# Your assignment
Could you copy the records below exactly, keeping none of the images?

Data records START

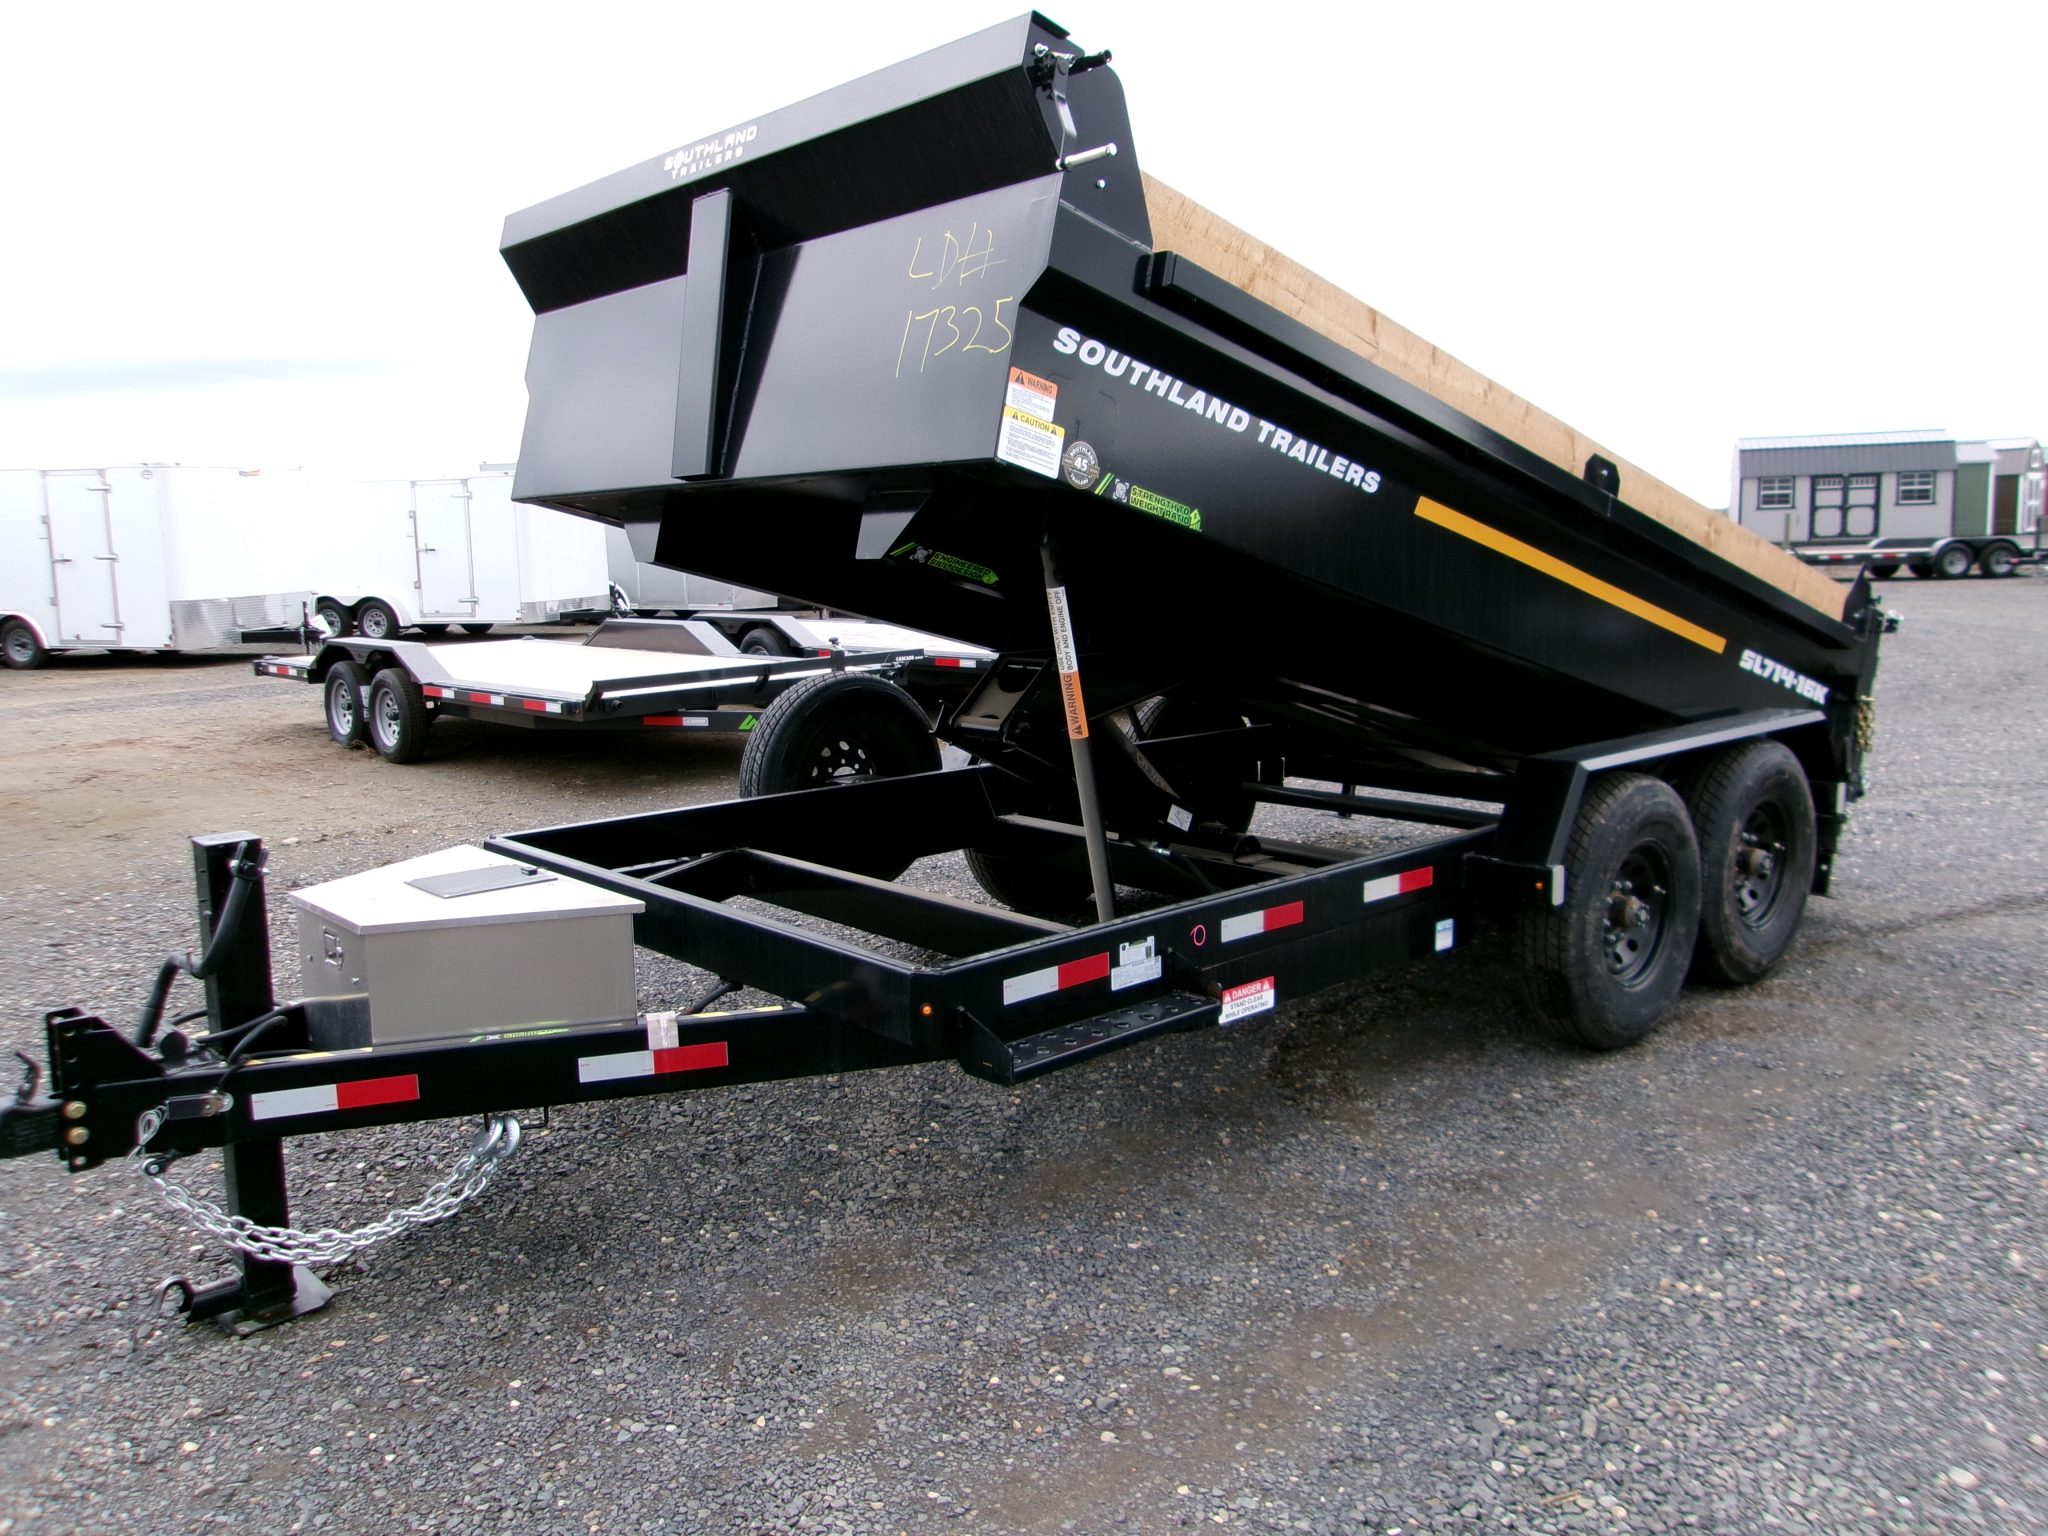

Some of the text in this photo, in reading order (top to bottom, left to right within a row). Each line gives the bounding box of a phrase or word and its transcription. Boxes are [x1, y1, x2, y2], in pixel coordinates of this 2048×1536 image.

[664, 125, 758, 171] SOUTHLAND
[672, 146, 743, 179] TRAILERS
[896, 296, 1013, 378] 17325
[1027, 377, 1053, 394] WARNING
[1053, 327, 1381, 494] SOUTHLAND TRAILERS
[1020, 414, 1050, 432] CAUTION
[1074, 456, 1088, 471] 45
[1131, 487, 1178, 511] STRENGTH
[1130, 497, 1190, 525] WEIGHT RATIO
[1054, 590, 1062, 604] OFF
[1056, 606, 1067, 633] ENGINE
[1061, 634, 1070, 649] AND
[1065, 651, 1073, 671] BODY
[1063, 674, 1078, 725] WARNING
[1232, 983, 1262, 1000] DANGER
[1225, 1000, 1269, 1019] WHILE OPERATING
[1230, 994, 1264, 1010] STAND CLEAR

Data records END

# Completed task
Some of the text in this photo, in reading order (top to bottom, left to right within a row). Each line gives the bounding box of a phrase or word and its transcription. Boxes are [x1, y1, x2, y2], in pixel coordinates of this 2048×1536 image.

[664, 125, 758, 171] SOUTHLAND
[672, 146, 743, 179] TRAILERS
[896, 296, 1013, 378] 17325
[1027, 377, 1053, 394] WARNING
[1053, 327, 1381, 494] SOUTHLAND TRAILERS
[1020, 414, 1050, 432] CAUTION
[1074, 456, 1088, 471] 45
[1131, 487, 1178, 511] STRENGTH
[1130, 497, 1190, 525] WEIGHT RATIO
[1054, 590, 1062, 604] OFF
[1056, 606, 1067, 633] ENGINE
[1061, 634, 1070, 649] AND
[1065, 651, 1073, 671] BODY
[1063, 674, 1078, 725] WARNING
[1232, 983, 1262, 1000] DANGER
[1225, 1000, 1269, 1019] WHILE OPERATING
[1230, 994, 1264, 1010] STAND CLEAR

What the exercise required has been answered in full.